Now, David knew exactly what "just" meant because he understood that "justice, justice shall thou do" (Deuteronomy 16:20) and that the laws to be followed by kings immediately followed in the 17th chapter of Deuteronomy. Here we have a basic requirement being laid down by God for those who rule over men. Not only are they to rule over men in terms of the law of God, in terms of godly justice: they are also to rule in the fear of God. In other words, fear of men, which is a snare, does not activate or motivate such rulers. Fear of God purifies them and keeps them far above all arrogance and bribery.
Consequently, there are two requirements laid down by this scripture in 2 Samuel 23 for those who rule over men. I do not believe it is possible to evade these at any step in the political process. If God says it's a must, it's a must. So in essence, I do believe that we need to look more closely at, or at least veer toward, the purists' side in terms of what they are trying to seek.
However, here it becomes more interesting, because it is possible for someone to fulfill this requirement of 2 Samuel 23 and yet not pass muster with the purists. For example, we may not be satisfied with that candidate's answer in respect to certain matters of civil magistracy and the function of government, even though he would rule justly and rule in the fear of God (i.e., would apply the law of God insofar as it is revealed to men as to how to apply it).

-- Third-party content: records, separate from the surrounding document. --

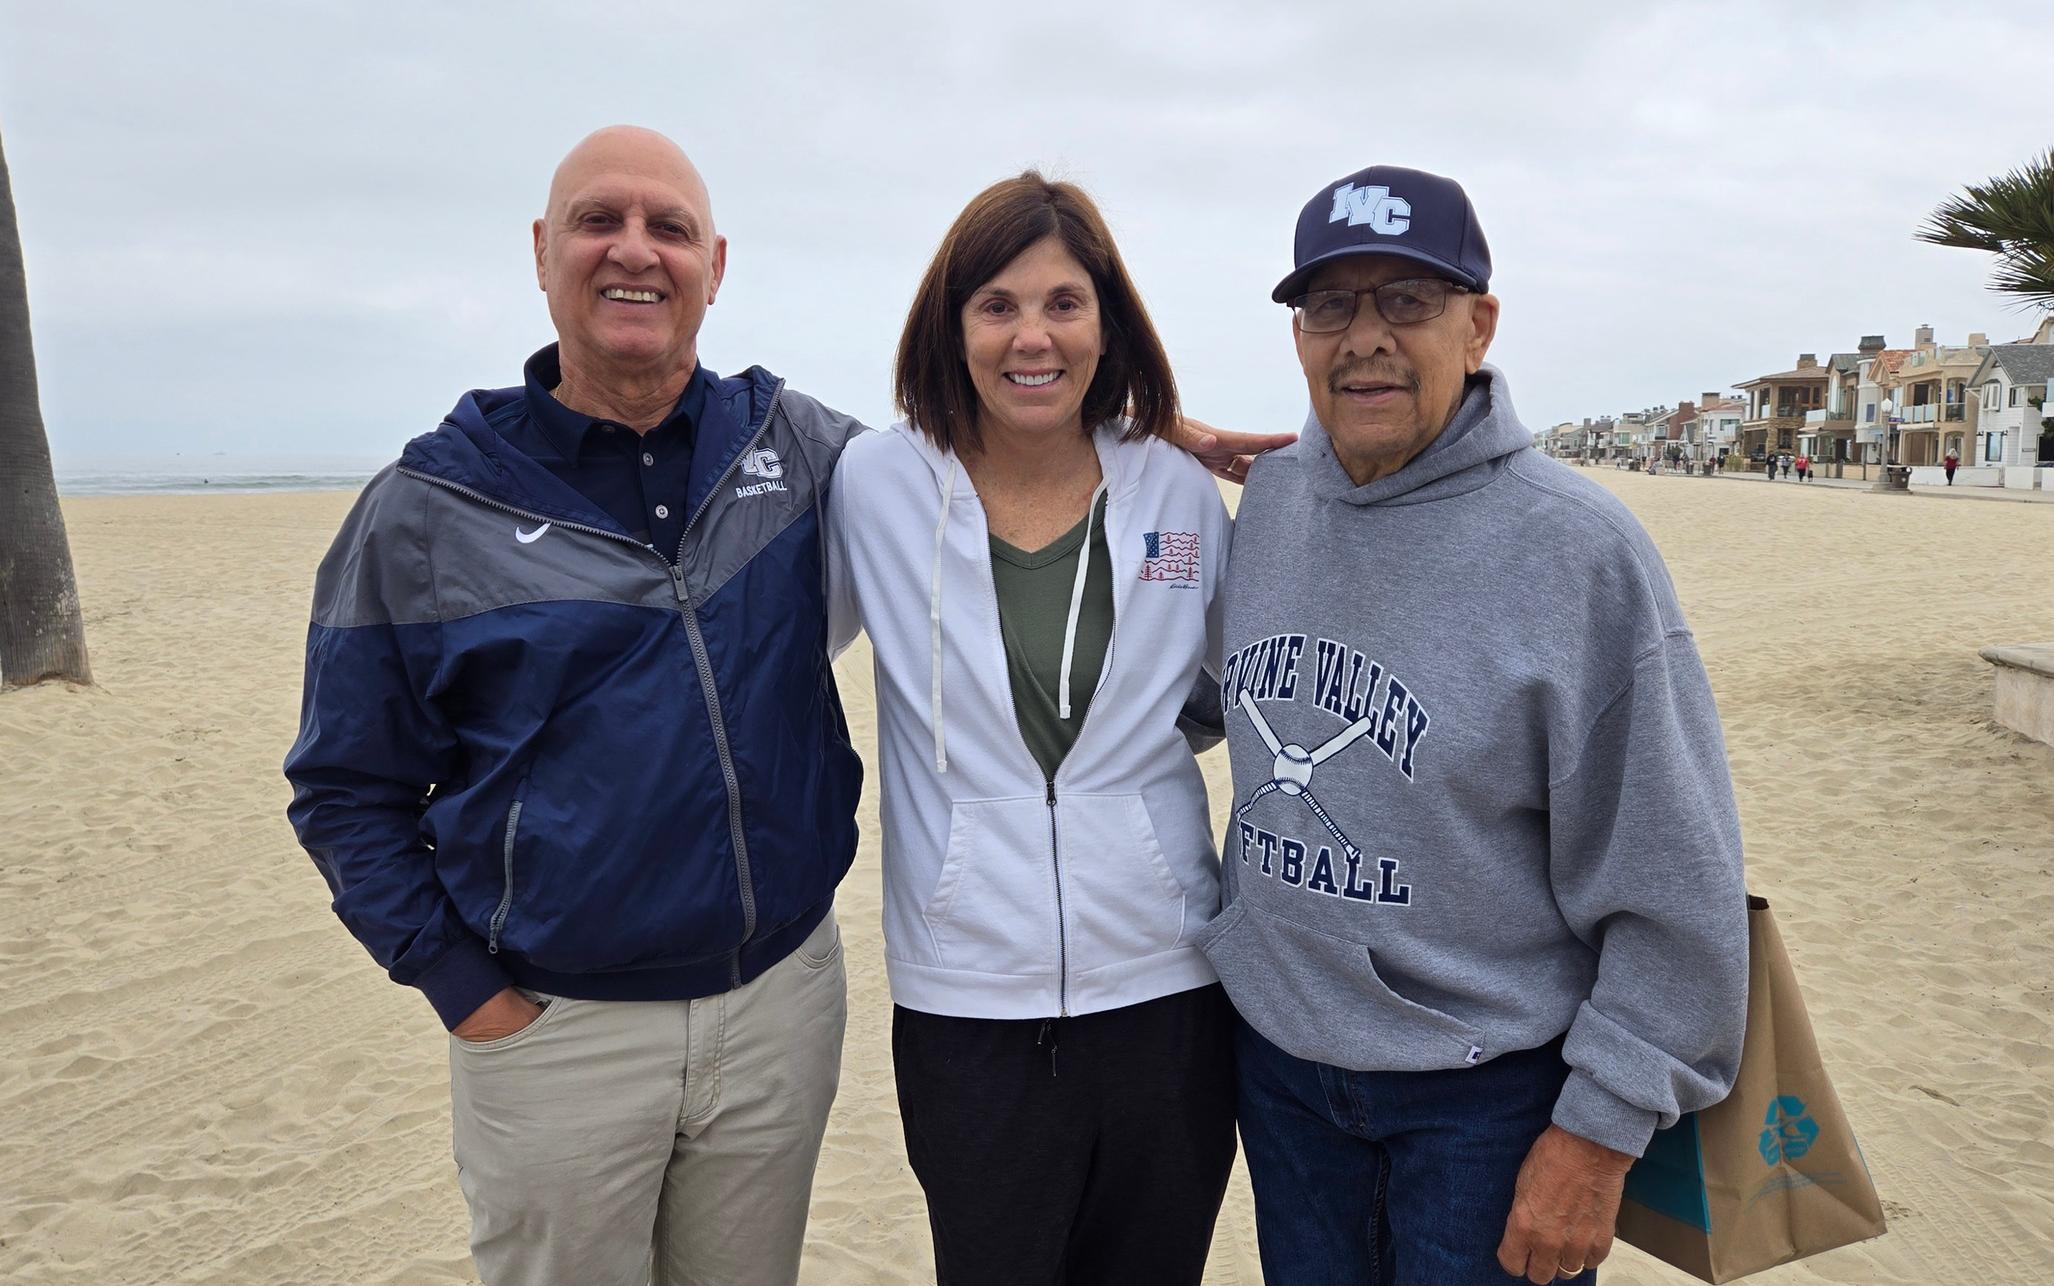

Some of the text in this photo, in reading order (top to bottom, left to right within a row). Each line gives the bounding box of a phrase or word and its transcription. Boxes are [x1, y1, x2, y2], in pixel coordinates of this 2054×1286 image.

[1328, 182, 1411, 236] IVC
[735, 480, 788, 498] BASKETBALL
[1221, 633, 1430, 783] RVINE VALLEY
[1237, 819, 1411, 906] FTBALL
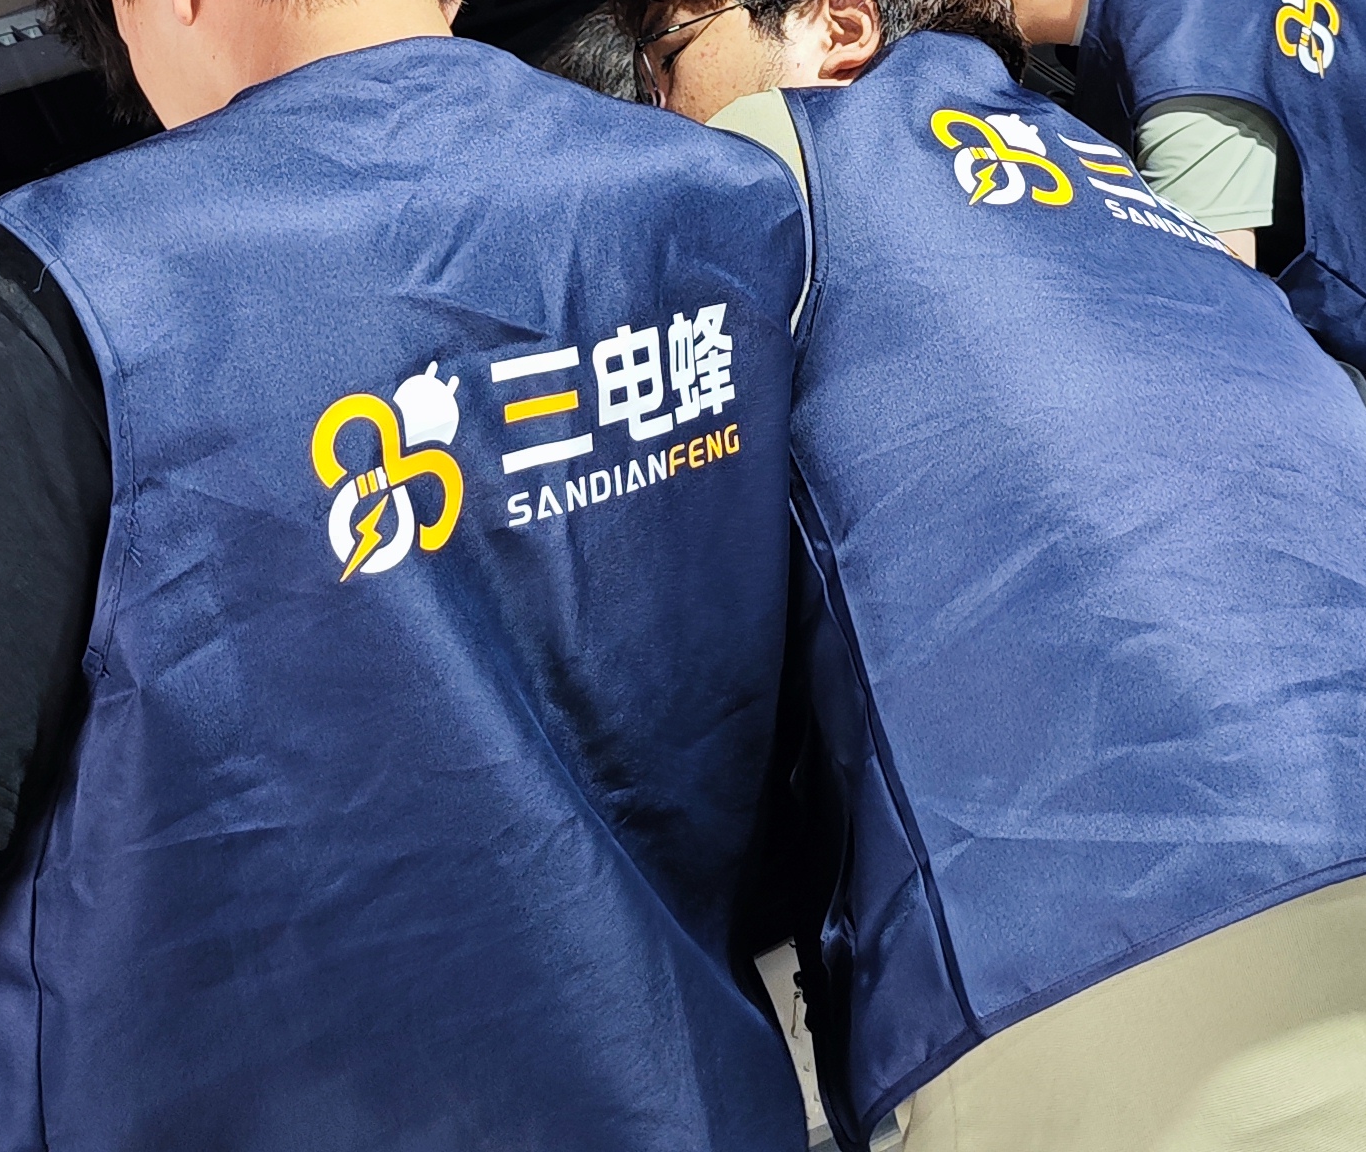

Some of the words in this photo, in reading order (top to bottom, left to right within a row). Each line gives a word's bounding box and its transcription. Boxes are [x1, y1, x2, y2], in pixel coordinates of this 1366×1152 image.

[1104, 198, 1239, 258] SANDIAN
[490, 302, 736, 474] 三电蜂
[506, 424, 741, 527] SANDIANFENG

This is interesting to me because it suggests that theonomists are a little bit behind their game. We Reconstructionists want to talk about the importance of the law of God, but we have precious little experience in bringing the law of God to bear on our society. We need to be workmen approved, not ashamed. Too many knee-jerk reactions and quick off-the-cuff comments seem to be marking our approach. I think the dangerous step is to be expedient in either direction. Note that it was expediency that sent Christ to the cross. "It is expedient for one man to die than the whole nation to perish," as Caiaphas prophesied in the gospel of John.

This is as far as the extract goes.